§ **WHAT YOU HAVE TO DO**: Although the records contain pictures, repeat only the text of every line exactly.

┏━━

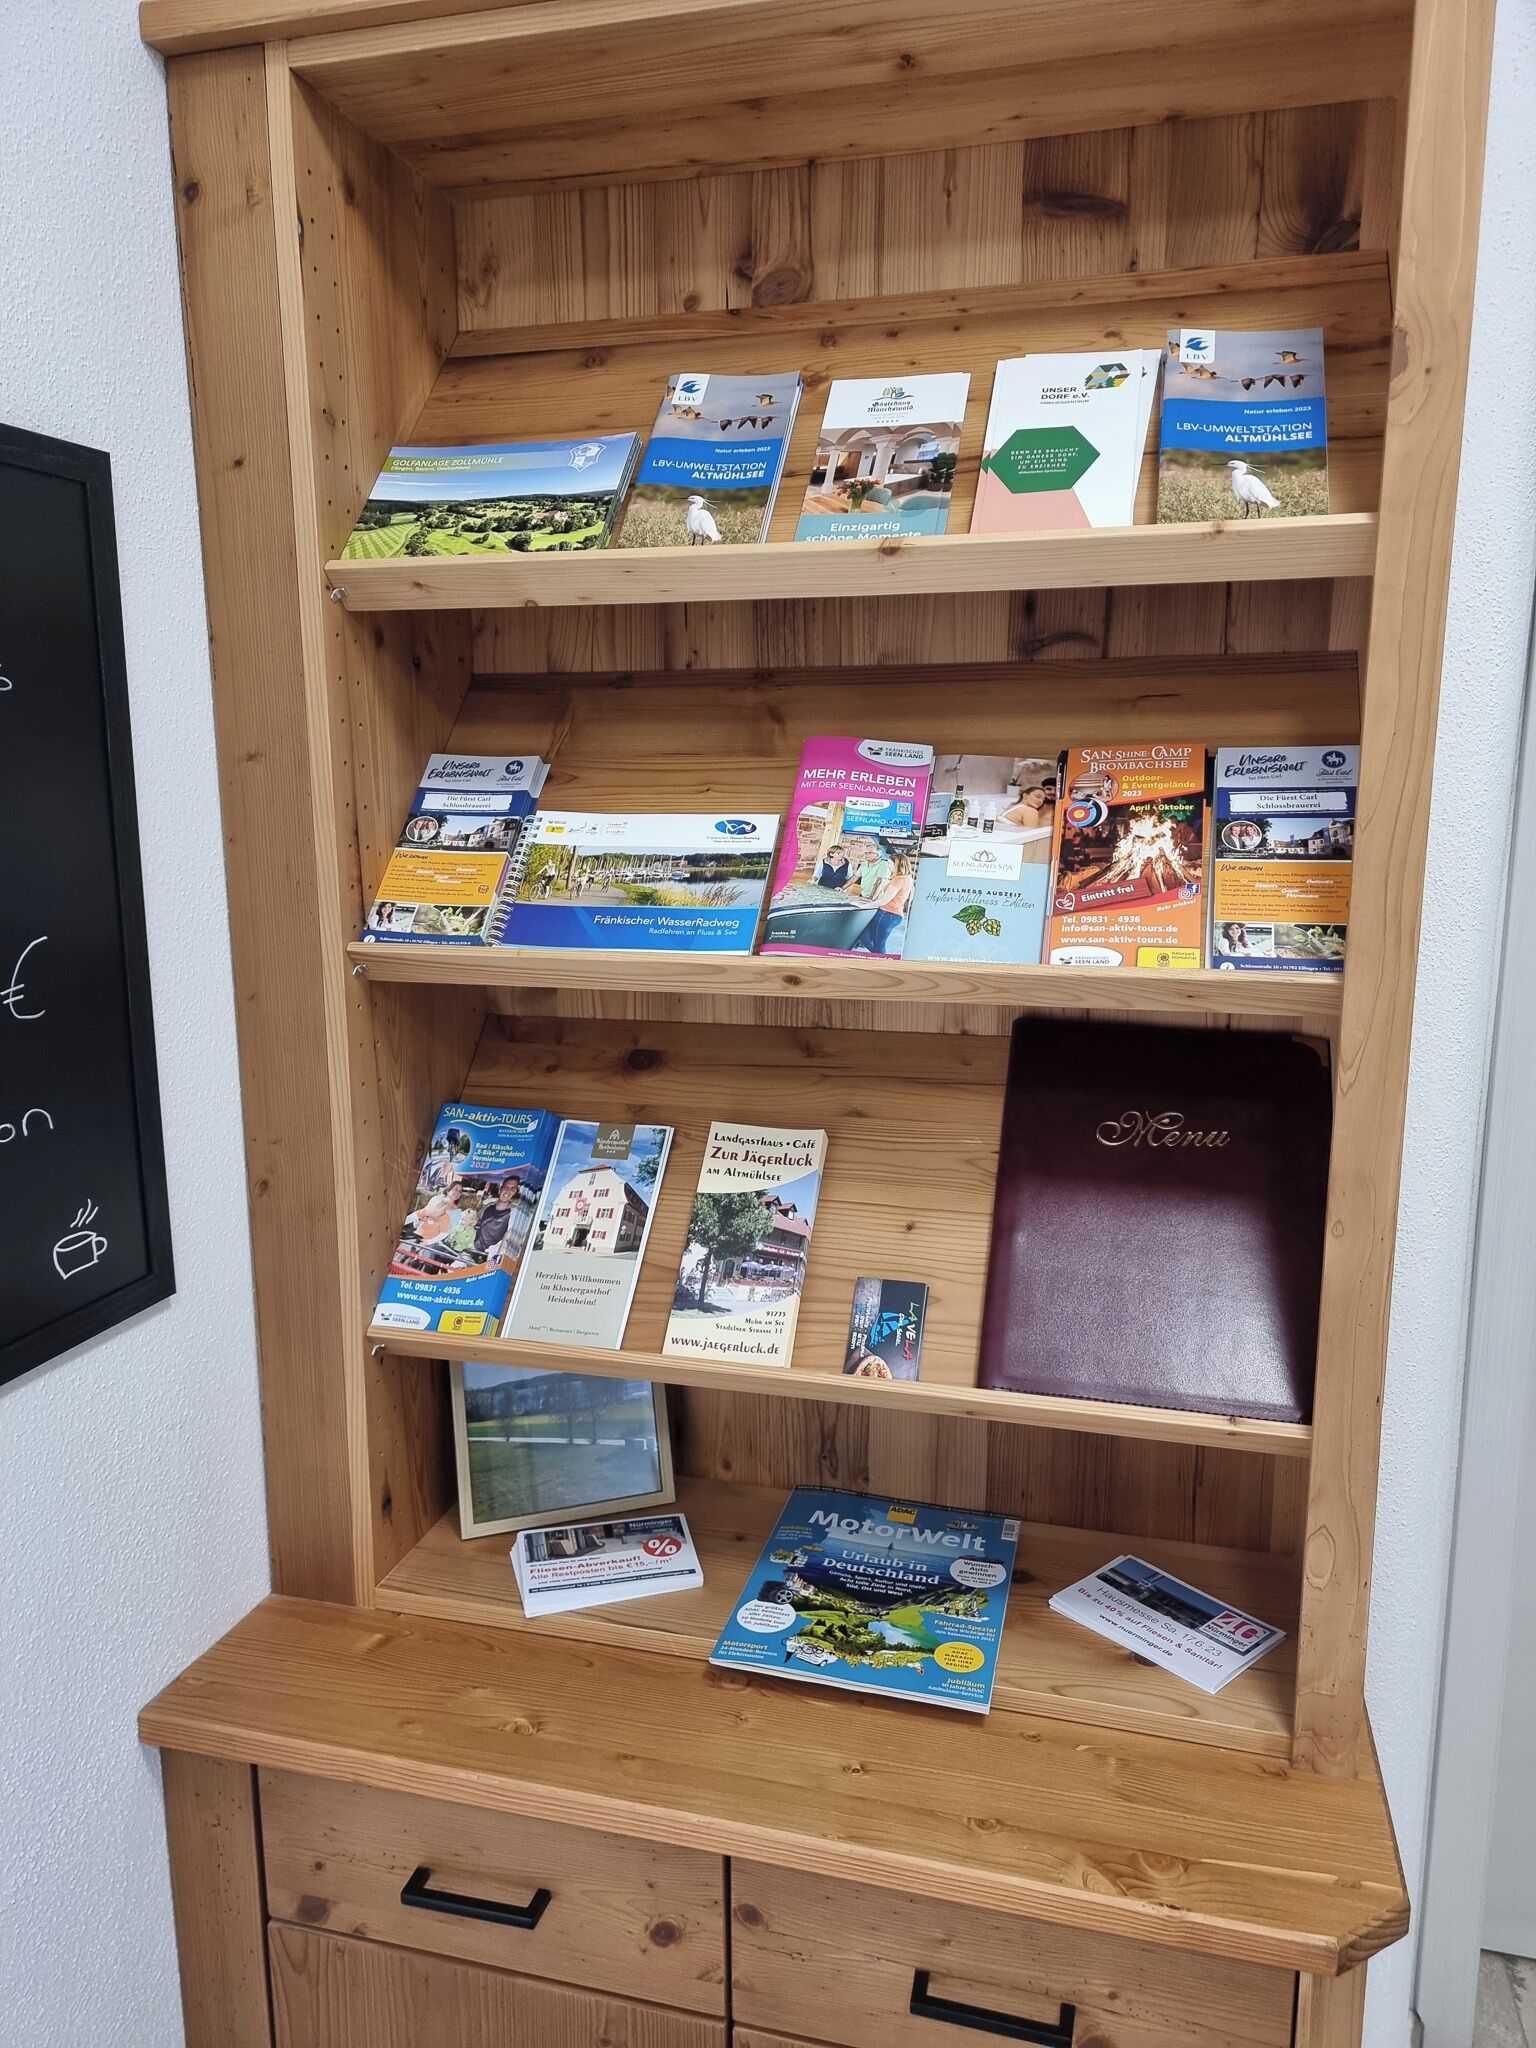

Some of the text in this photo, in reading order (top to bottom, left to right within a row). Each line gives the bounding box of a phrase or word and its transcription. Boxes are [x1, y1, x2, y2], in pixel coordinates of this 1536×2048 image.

[1176, 422, 1312, 434] LBV-UMWELTSTATION
[1225, 431, 1313, 443] ALTMÜHLSEE
[451, 457, 504, 465] ZOLLMÜHLE
[652, 460, 767, 470] LBV-UMWELTSTATION
[692, 470, 764, 480] ALTMÜHLSEE
[830, 521, 900, 532] Einzigartig
[806, 531, 854, 542] schöne
[1090, 760, 1188, 773] BROMBACHSEE
[803, 769, 916, 788] MEHR ERLEBEN
[839, 783, 915, 797] SEENLAND.CARD
[1129, 805, 1150, 813] April
[952, 860, 996, 869] SEENLAND
[998, 863, 1013, 871] SPA
[940, 887, 1022, 898] WELLNESS AUSZEIT
[1081, 885, 1134, 902] Eintritt frei
[594, 915, 740, 929] Fränkischer WasserRadweg
[649, 927, 685, 936] Radfahren
[1062, 924, 1178, 933] info@san-aktiv-tours.de
[1060, 936, 1178, 944] www.san-aktiv-tours.de
[444, 1107, 532, 1125] SAN-aktiv-TOURS
[1096, 1111, 1230, 1147] Menu
[472, 1155, 505, 1163] Vermietung
[535, 1272, 621, 1285] Herzlich Willkommen
[415, 1284, 437, 1292] 09831
[443, 1287, 461, 1295] 4936
[552, 1284, 612, 1296] Klostergasthof
[397, 1292, 484, 1306] www.san-aktiv-tours.de
[547, 1295, 597, 1306] Heidenheim!
[904, 1302, 920, 1360] LA VELA
[890, 1506, 916, 1515] ADAC
[808, 1509, 987, 1552] MotorWelt
[529, 1555, 641, 1574] Fliesen-Abverkauf!
[841, 1550, 927, 1571] Urlaub in
[963, 1561, 996, 1569] Wunsch-
[530, 1572, 548, 1580] Alle
[551, 1566, 606, 1579] Restposten
[608, 1563, 624, 1571] bis
[822, 1558, 940, 1585] Deutschland
[958, 1570, 997, 1578] gewinnen
[934, 1620, 996, 1632] Fahrrad-Spezial
[1096, 1587, 1223, 1657] Hausmesse Sa. 17.6.23
[1077, 1587, 1091, 1598] Bis
[1092, 1597, 1104, 1606] zu
[1104, 1604, 1116, 1613] 40
[1116, 1610, 1124, 1618] %
[1124, 1615, 1141, 1627] auf
[1141, 1624, 1174, 1645] Fliesen
[1184, 1646, 1223, 1670] Sanitär!
[1099, 1613, 1173, 1657] www.nuerminger.de
[1205, 1624, 1248, 1647] Nürminger
[722, 1641, 768, 1650] Motorsport
[947, 1678, 985, 1688] Jubiläum
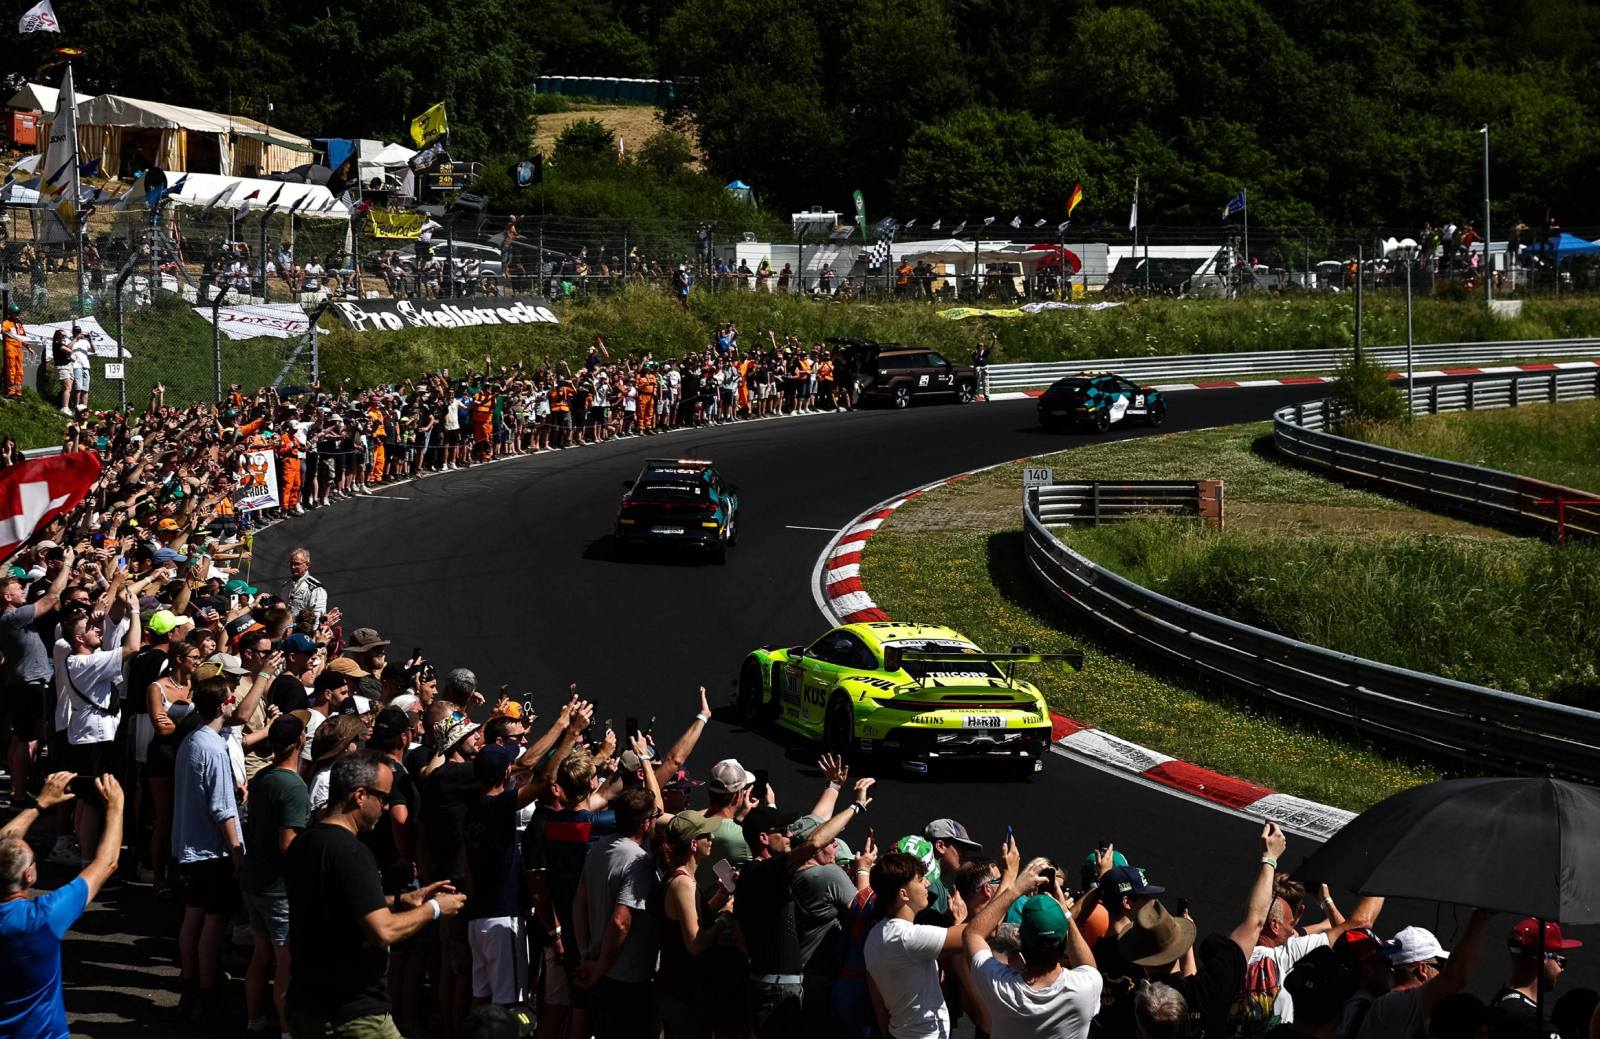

┗━━

§ **RESULT OF THE TASK**:
Some of the text in this photo, in reading order (top to bottom, left to right within a row). Each line gives the bounding box of a phrase or word and its transcription. Boxes are [x1, y1, x2, y2], in pixel coordinates of this 1536×2048 image.

[1176, 422, 1312, 434] LBV-UMWELTSTATION
[1225, 431, 1313, 443] ALTMÜHLSEE
[451, 457, 504, 465] ZOLLMÜHLE
[652, 460, 767, 470] LBV-UMWELTSTATION
[692, 470, 764, 480] ALTMÜHLSEE
[830, 521, 900, 532] Einzigartig
[806, 531, 854, 542] schöne
[1090, 760, 1188, 773] BROMBACHSEE
[803, 769, 916, 788] MEHR ERLEBEN
[839, 783, 915, 797] SEENLAND.CARD
[1129, 805, 1150, 813] April
[952, 860, 996, 869] SEENLAND
[998, 863, 1013, 871] SPA
[940, 887, 1022, 898] WELLNESS AUSZEIT
[1081, 885, 1134, 902] Eintritt frei
[594, 915, 740, 929] Fränkischer WasserRadweg
[649, 927, 685, 936] Radfahren
[1062, 924, 1178, 933] info@san-aktiv-tours.de
[1060, 936, 1178, 944] www.san-aktiv-tours.de
[444, 1107, 532, 1125] SAN-aktiv-TOURS
[1096, 1111, 1230, 1147] Menu
[472, 1155, 505, 1163] Vermietung
[535, 1272, 621, 1285] Herzlich Willkommen
[415, 1284, 437, 1292] 09831
[443, 1287, 461, 1295] 4936
[552, 1284, 612, 1296] Klostergasthof
[397, 1292, 484, 1306] www.san-aktiv-tours.de
[547, 1295, 597, 1306] Heidenheim!
[904, 1302, 920, 1360] LA VELA
[890, 1506, 916, 1515] ADAC
[808, 1509, 987, 1552] MotorWelt
[529, 1555, 641, 1574] Fliesen-Abverkauf!
[841, 1550, 927, 1571] Urlaub in
[963, 1561, 996, 1569] Wunsch-
[530, 1572, 548, 1580] Alle
[551, 1566, 606, 1579] Restposten
[608, 1563, 624, 1571] bis
[822, 1558, 940, 1585] Deutschland
[958, 1570, 997, 1578] gewinnen
[934, 1620, 996, 1632] Fahrrad-Spezial
[1096, 1587, 1223, 1657] Hausmesse Sa. 17.6.23
[1077, 1587, 1091, 1598] Bis
[1092, 1597, 1104, 1606] zu
[1104, 1604, 1116, 1613] 40
[1116, 1610, 1124, 1618] %
[1124, 1615, 1141, 1627] auf
[1141, 1624, 1174, 1645] Fliesen
[1184, 1646, 1223, 1670] Sanitär!
[1099, 1613, 1173, 1657] www.nuerminger.de
[1205, 1624, 1248, 1647] Nürminger
[722, 1641, 768, 1650] Motorsport
[947, 1678, 985, 1688] Jubiläum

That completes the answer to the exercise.